The proposal is one of many measures that the town is considering as part of its disaster preparedness plan. Despite the wailing and gnashing of teeth by gun rights advocates, it doesn’t say anything about an outright plan to confiscate all guns. However, the text as its reported offers plenty to be concerned about as it is:
“As provided by Alabama State Code, any law enforcement officers acting in official duties may disarm and individual if deemed necessary. The officer must return the firearm to the individual before leaving or [arresting] the individual.”
The worrisome part is the “if deemed necessary” provision. The vague language opens up plenty of opportunities for abuse. After all, under what circumstances would it be necessary?
The law, despite what some alleged news sources have reported, does specify that the guns should be returned prior to the officer leaving the scene…or if the person is arrested. That doesn’t absolve Guntersville officials from the justly deserved scorn they’re receiving.
“It seems like an infringement on the 2nd Amendment, and that’s the biggest problem I have with it,” local music teacher Paul Landry said.
Keith Sullivan, another local resident, added: “The law’s already there. Somebody’s brandishing a weapon, you can arrest them right there.”
Both of these men are absolutely correct. You see, a holstered weapon isn’t a danger to anyone, but the law doesn’t specify that a weapon needs to be drawn or anything else. A lawfully carried firearm in a holster can be taken if an officer feels it’s “necessary”, even if there is no danger to a living soul.
Mr. Sullivan is right that someone brandishing a weapon is already in violation of the law. Why then, would officials need another law? Unfortunately, politicians often create both redundant and unnecessary laws in the name of being “proactive.” For the record, that never works out as planned.

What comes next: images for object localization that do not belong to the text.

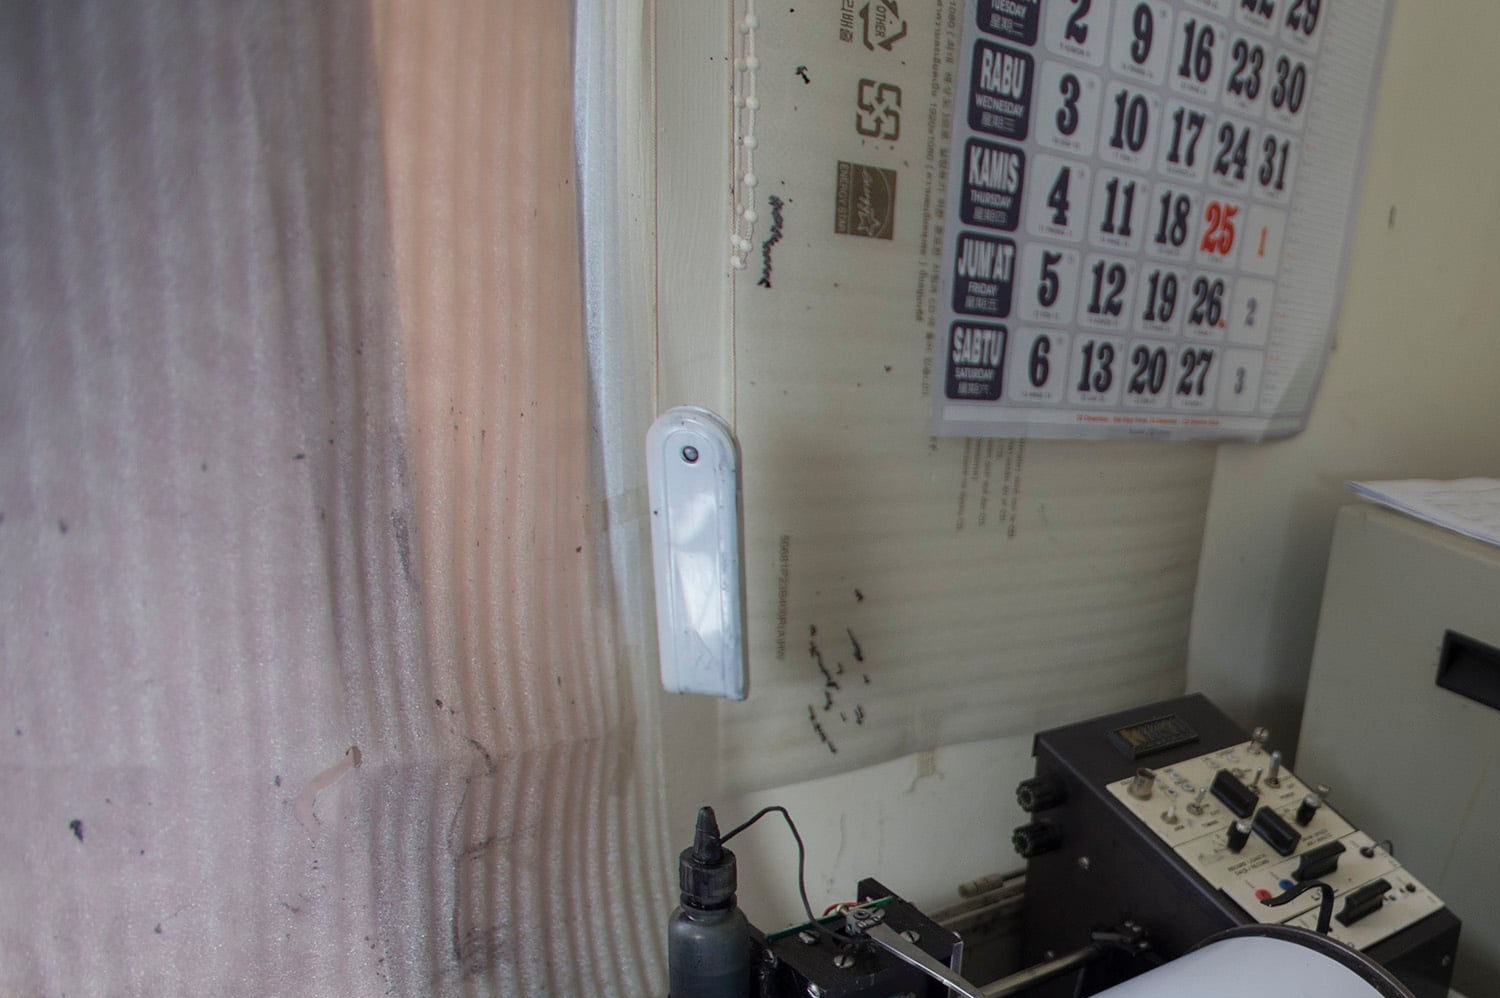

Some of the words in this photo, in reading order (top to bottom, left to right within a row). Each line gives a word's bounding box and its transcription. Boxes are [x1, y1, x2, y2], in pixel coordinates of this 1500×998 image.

[874, 6, 887, 38] OTHER
[980, 48, 1026, 99] RABU
[1065, 0, 1091, 45] 2
[1131, 3, 1154, 64] 9
[1179, 18, 1215, 82] 16
[1227, 38, 1264, 100] 23
[1272, 54, 1306, 114] 30
[975, 93, 1025, 117] WEDNESDAY
[1056, 73, 1080, 135] 3
[1110, 88, 1149, 153] 10
[1167, 106, 1206, 167] 17
[1213, 120, 1251, 181] 24
[1258, 134, 1290, 191] 31
[838, 163, 849, 205] ENERGY
[969, 145, 1019, 194] KAMIS
[836, 206, 847, 233] STAR
[970, 189, 1011, 209] THURSDAY
[1046, 166, 1071, 226] 4
[1101, 176, 1136, 237] 11
[1154, 189, 1191, 247] 18
[1201, 200, 1239, 257] 25
[1257, 226, 1269, 257] 1
[968, 281, 999, 297] FRIDAY
[1037, 250, 1062, 308] 5
[1087, 259, 1126, 317] 12
[1143, 269, 1177, 323] 19
[1187, 277, 1225, 328] 26
[1243, 296, 1258, 327] 2
[952, 327, 1003, 367] SABTU
[1028, 334, 1051, 388] 6
[1077, 340, 1115, 394] 13
[1127, 343, 1167, 395] 20
[1176, 347, 1213, 397] 27
[1233, 368, 1246, 395] 3
[955, 366, 995, 381] SATURDAY
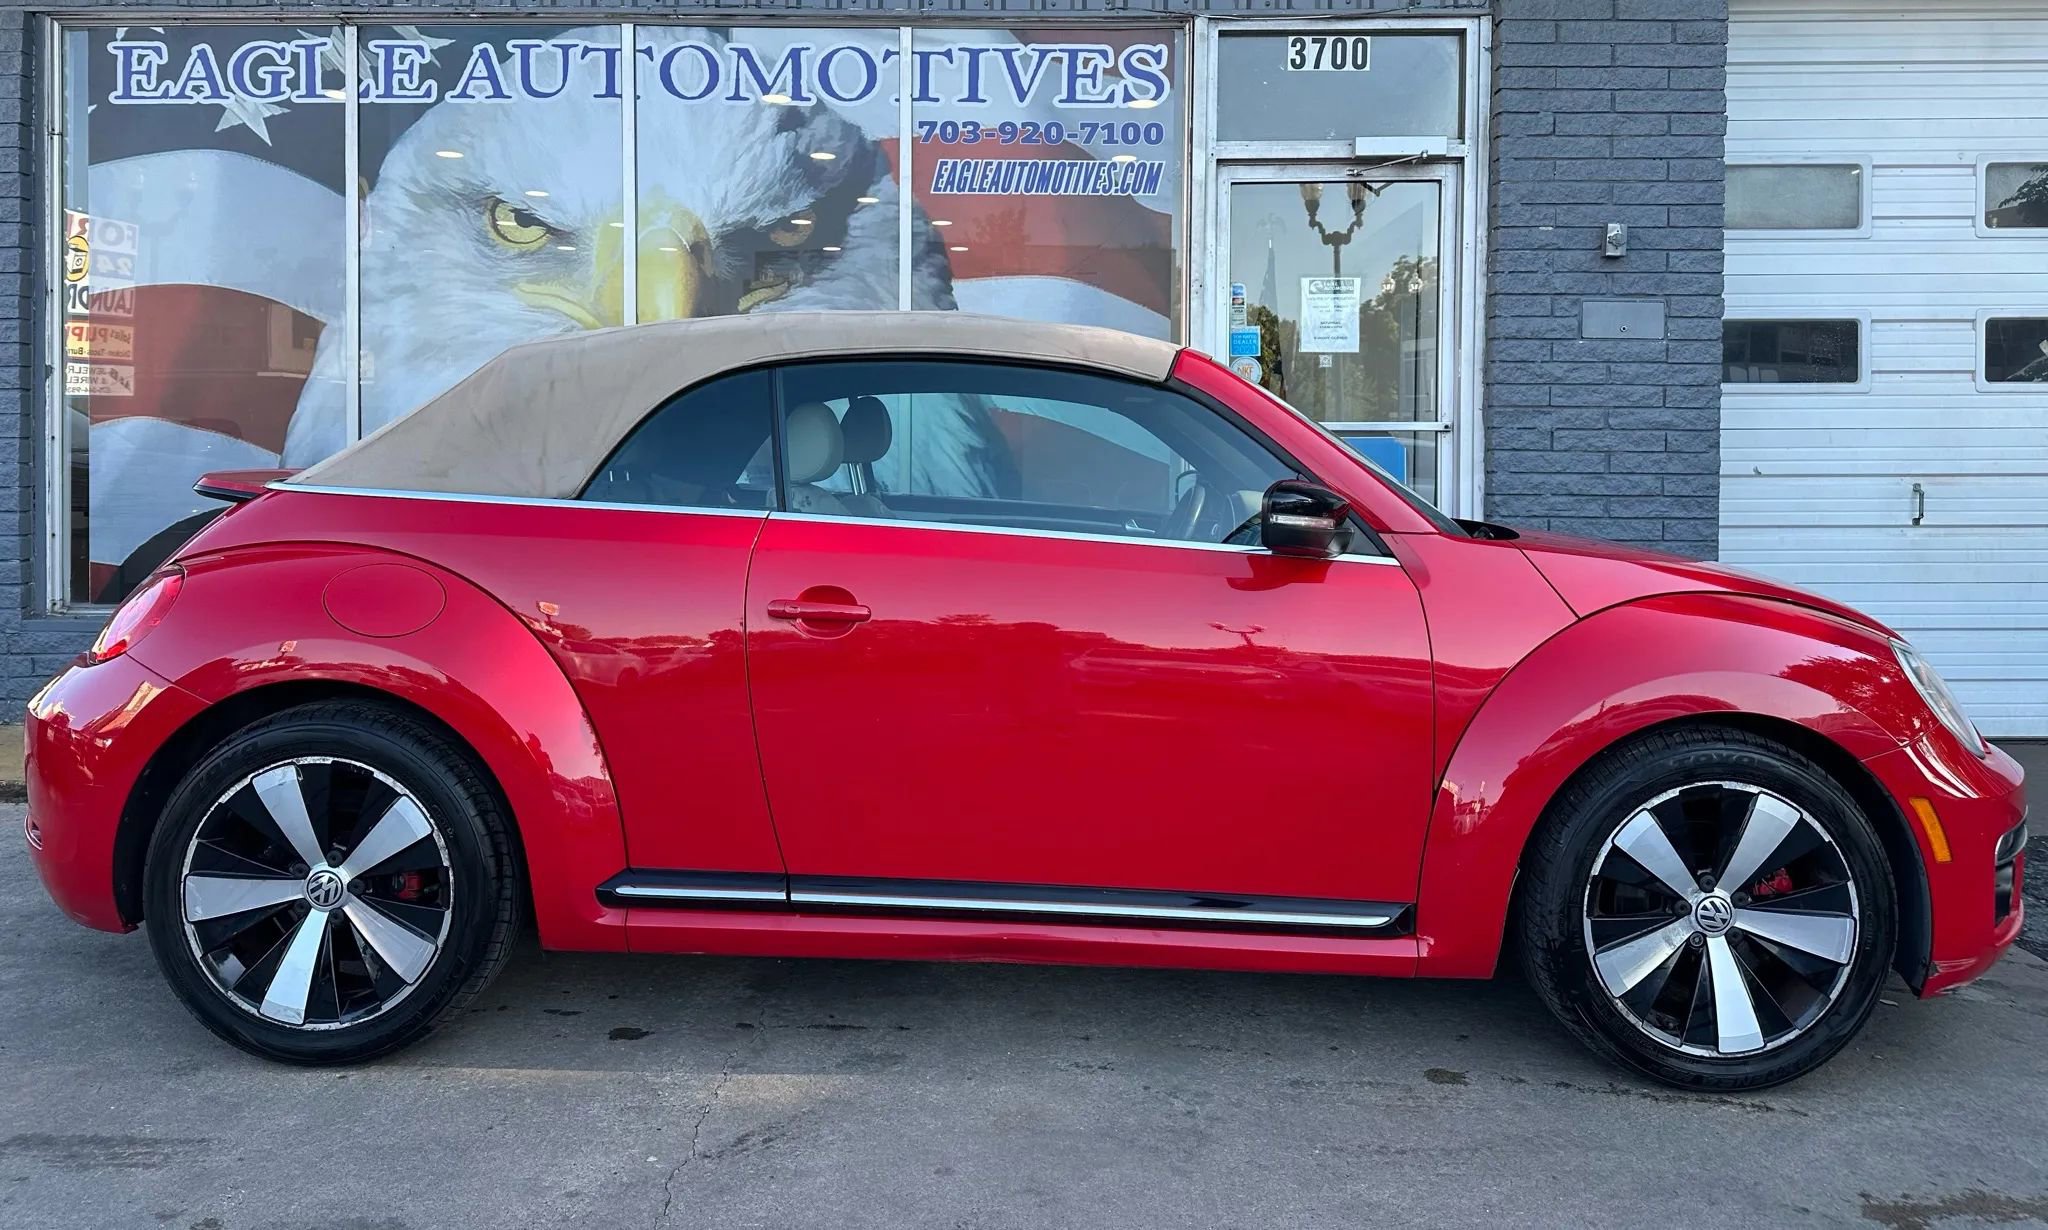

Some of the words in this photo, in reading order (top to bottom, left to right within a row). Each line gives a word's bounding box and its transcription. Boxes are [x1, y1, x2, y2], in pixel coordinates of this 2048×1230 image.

[1290, 37, 1368, 70] 3700
[108, 41, 435, 103] EAGLE
[446, 40, 1169, 106] AUTOMOTIVES
[918, 120, 1164, 145] 703-920-7100
[931, 158, 1165, 196] EAGLEAUTOMOTIVES.COM

The truth of the matter is that Mayor Leigh Dollar is probably legitimately trying do just what she meant when she said, “This is in there to protect public workers and any volunteers helping should someone become unruly, which can happen because emotions are high…” She’s not trying to overturn the United States Constitution or any other laws. However, good intentions doesn’t stop the fact that she’s overstepping the proper role of any government in her efforts.

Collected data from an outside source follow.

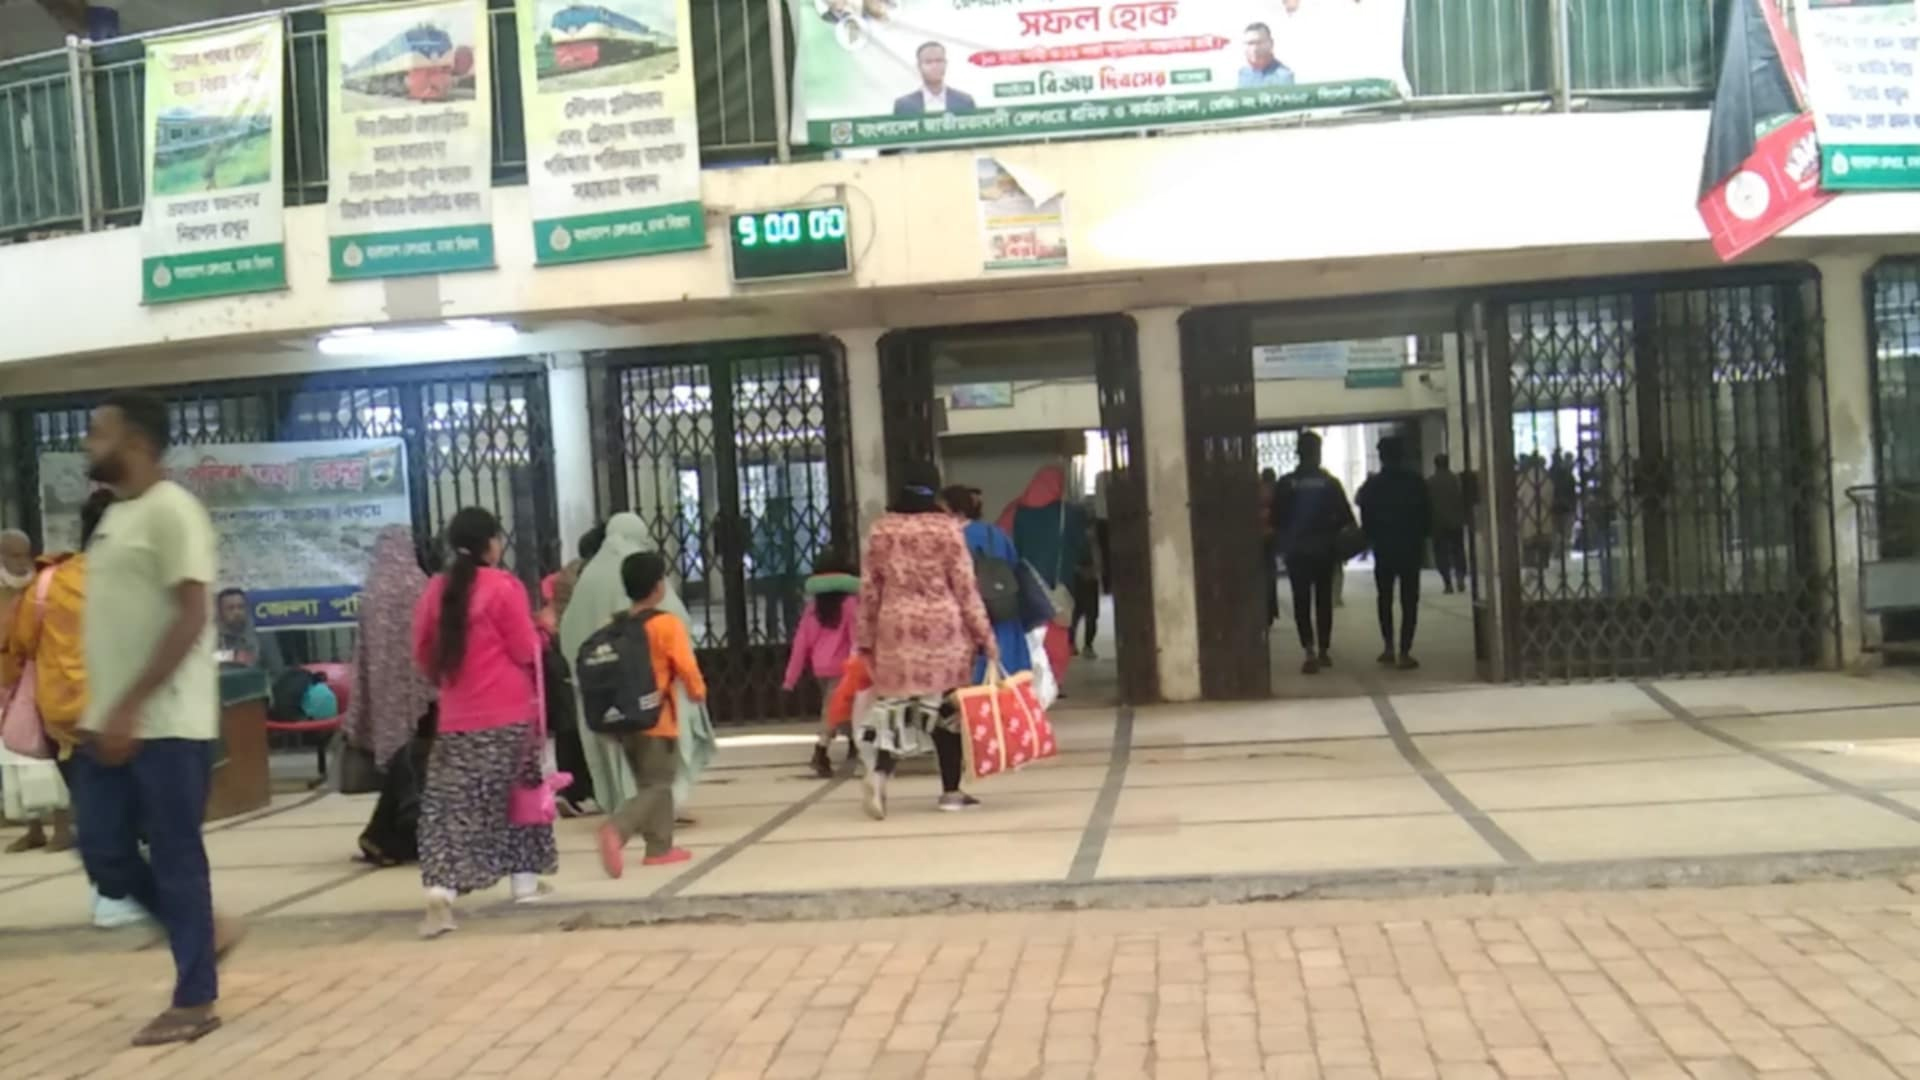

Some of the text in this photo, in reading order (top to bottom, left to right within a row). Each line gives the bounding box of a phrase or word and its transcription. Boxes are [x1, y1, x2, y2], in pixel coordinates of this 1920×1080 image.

[1017, 1, 1178, 35] সফল হোক
[1039, 70, 1094, 95] বিজয়
[1099, 66, 1167, 90] দিবসের
[855, 119, 920, 138] বাংলাদেশ
[923, 108, 1010, 133] জাতীয়তাবাদী
[1013, 109, 1067, 126] রেলওয়ে
[1070, 102, 1109, 121] শ্রমিক
[1114, 106, 1126, 118] ও
[738, 215, 757, 246] 9
[256, 599, 320, 619] জেলা

Some have tried to compare this proposal to the widespread gun confiscation following Hurricane Katrina. It stands to reason, since we’re talking about taking away someone’s gun after a disaster. However, that’s also where the similarities end. You see, in the wake of Katrina, many guns were confiscated. They were taken away, and many still haven’t been returned. What Mayor Dollar is talking about is akin to a cop taking a gun during a traffic stop and returning it before sending the driver on their way. Sure, it’s still not right, but let’s not pretend it’s something more than it really is.